Manistique Township is a civil township of Schoolcraft County in the U.S. state of Michigan. The population was 1,045 in 2020. The township is adjacent to the city of Manistique, but the two are administered autonomously.

==Geography==
According to the United States Census Bureau, the township has a total area of 153.69 sqmi, of which 149.34 sqmi is land and 4.35 sqmi (2.83%) is water.

==Demographics==
According to the census of 2000, there were 1,053 people, 411 households, and 309 families residing in the township. The population density was 7.0 PD/sqmi. There were 606 housing units at an average density of 4.0 /sqmi. The racial makeup of the township was 83.00% White, 0.09% African American, 11.59% Native American, 1.04% from other races, and 4.27% from two or more races. Hispanic or Latinos of any race were 0.57% of the population. By the publication of the 2020 census, its population was 1,045.
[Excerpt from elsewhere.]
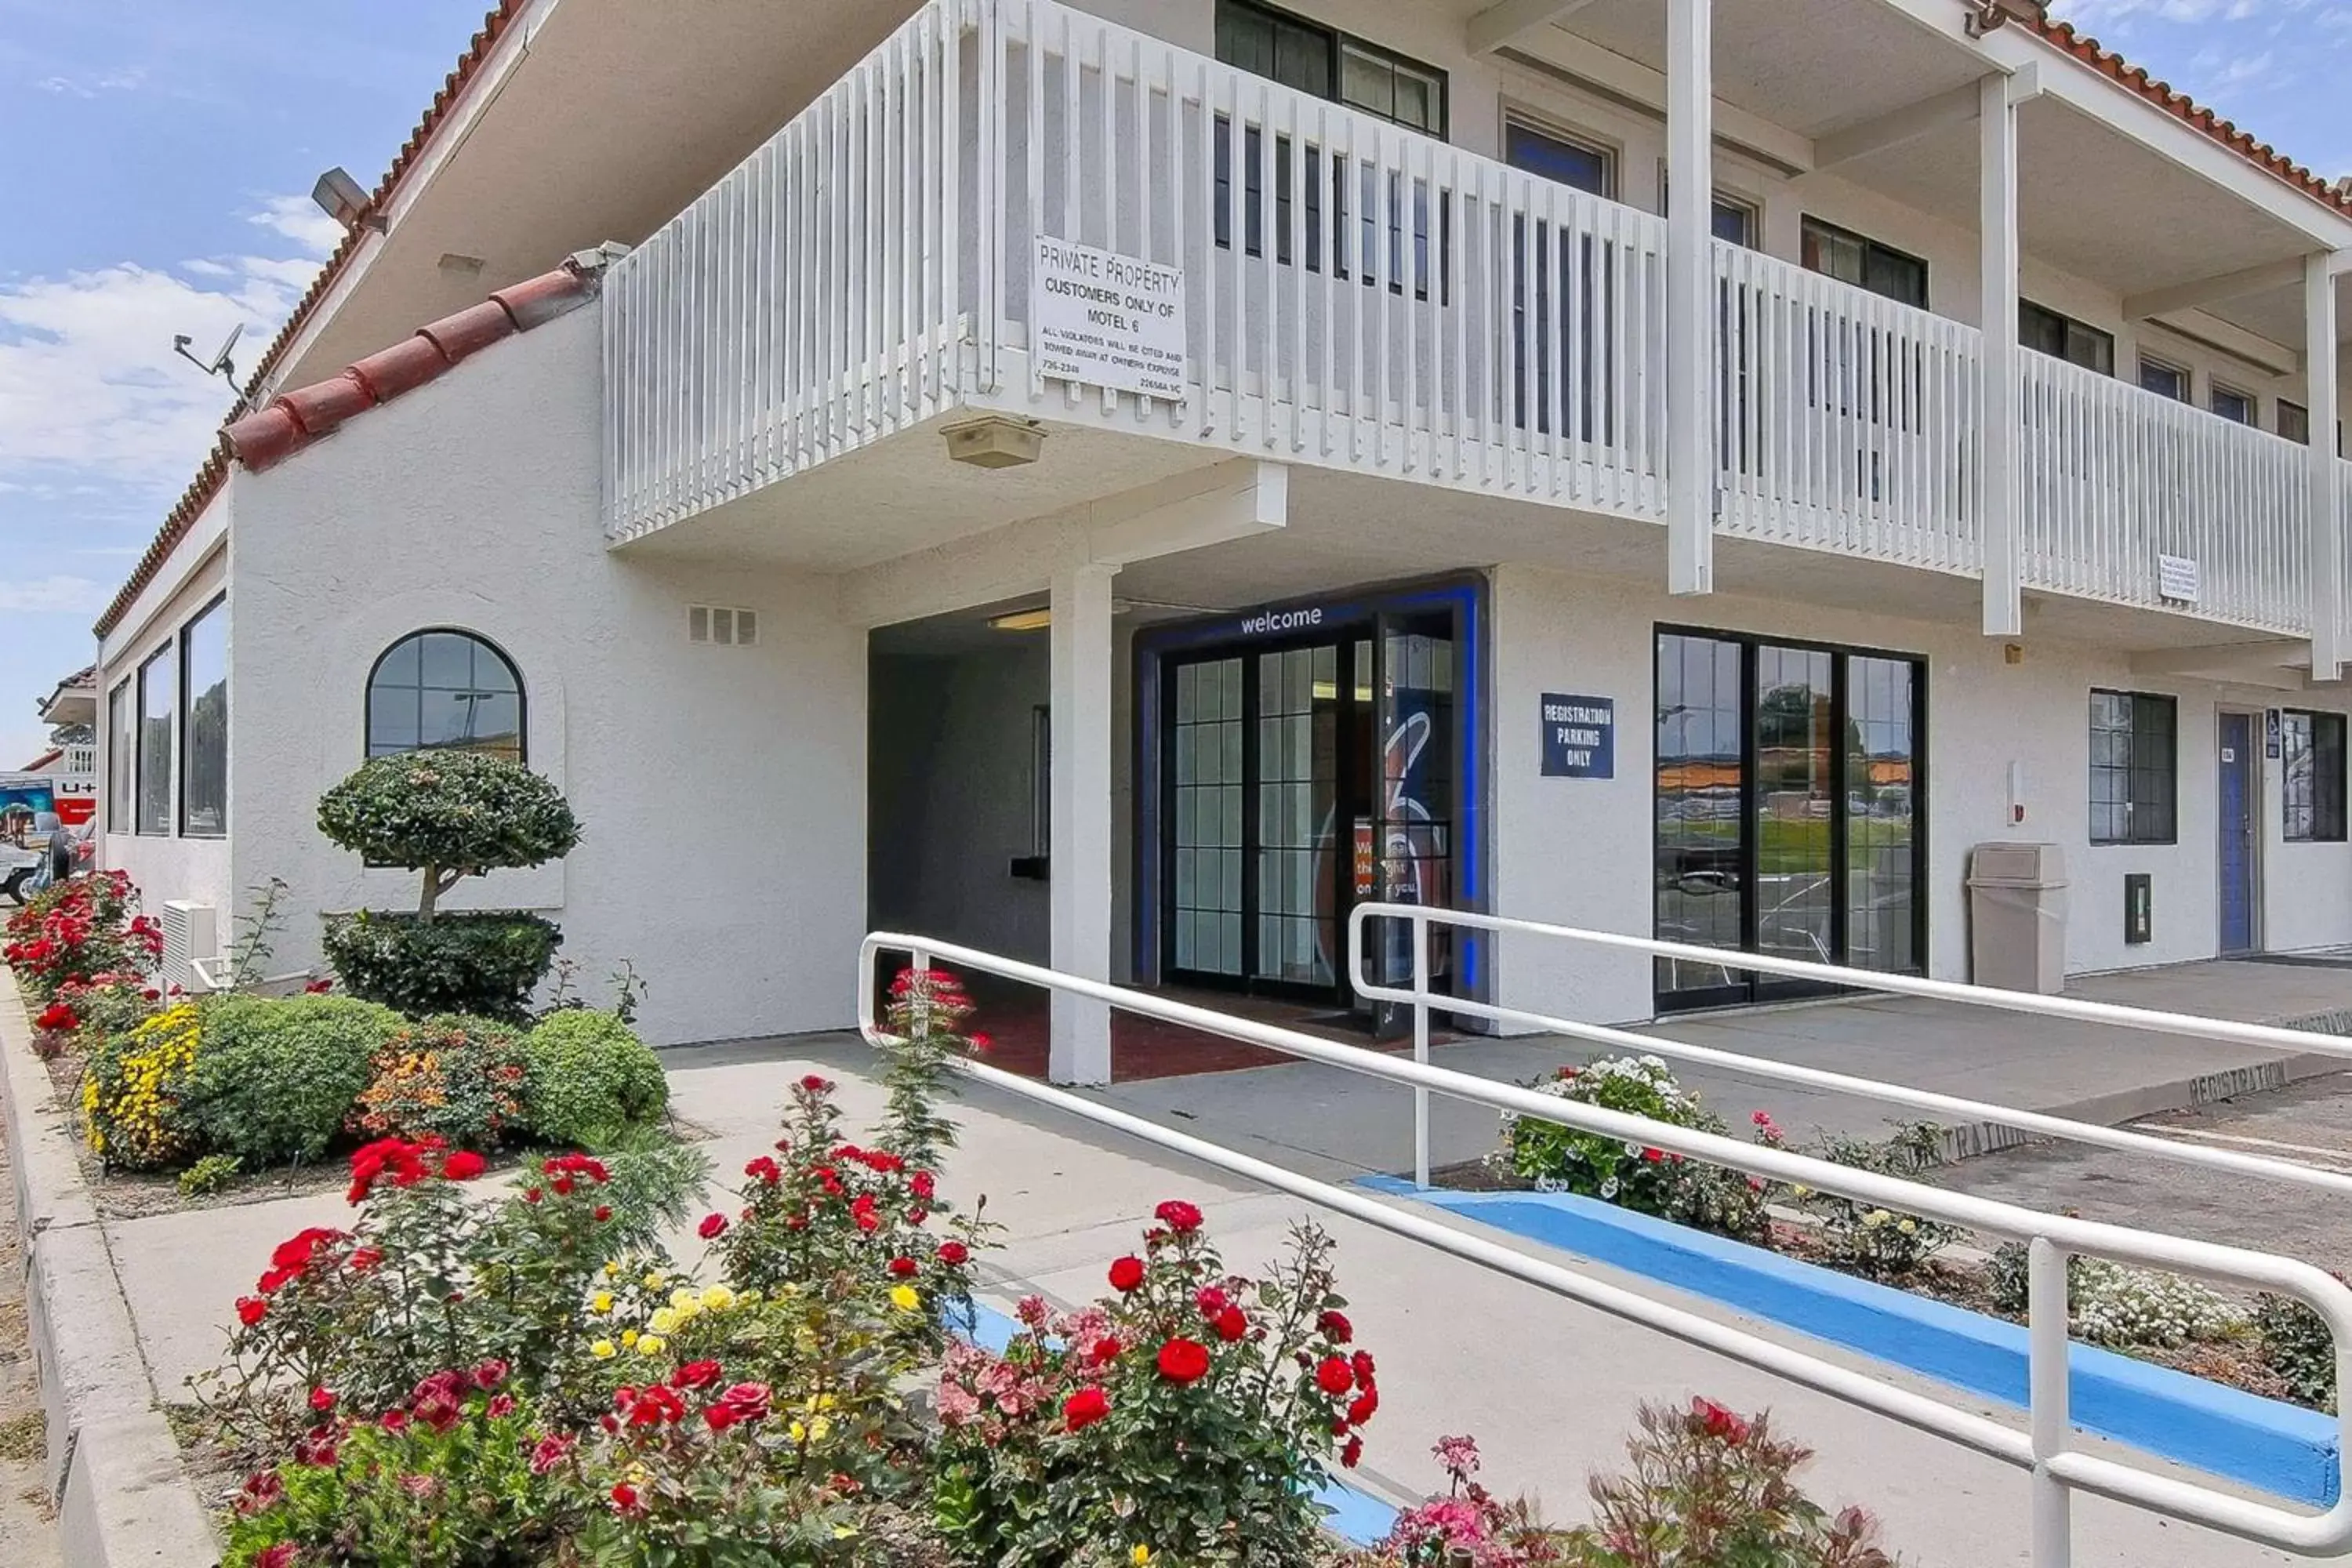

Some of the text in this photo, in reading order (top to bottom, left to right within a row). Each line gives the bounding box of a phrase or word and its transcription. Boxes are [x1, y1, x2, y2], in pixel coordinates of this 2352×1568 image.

In 2000, there were 411 households, out of which 33.8% had children under the age of 18 living with them, 62.5% were married couples living together, 7.1% had a female householder with no husband present, and 24.6% were non-families. 20.0% of all households were made up of individuals, and 8.0% had someone living alone who was 65 years of age or older. The average household size was 2.56 and the average family size was 2.91. In the township the population was spread out, with 26.3% under the age of 18, 6.2% from 18 to 24, 27.3% from 25 to 44, 28.0% from 45 to 64, and 12.3% who were 65 years of age or older. The median age was 39 years. For every 100 females, there were 105.7 males. For every 100 females age 18 and over, there were 103.7 males.

In 2000, the median income for a household in the township was $40,000, and the median income for a family was $46,667. Males had a median income of $43,000 versus $23,472 for females. The per capita income for the township was $18,127. About 9.6% of families and 12.5% of the population were below the poverty line, including 20.4% of those under age 18 and 2.6% of those age 65 or over. In 2020, its median household income was $49,583.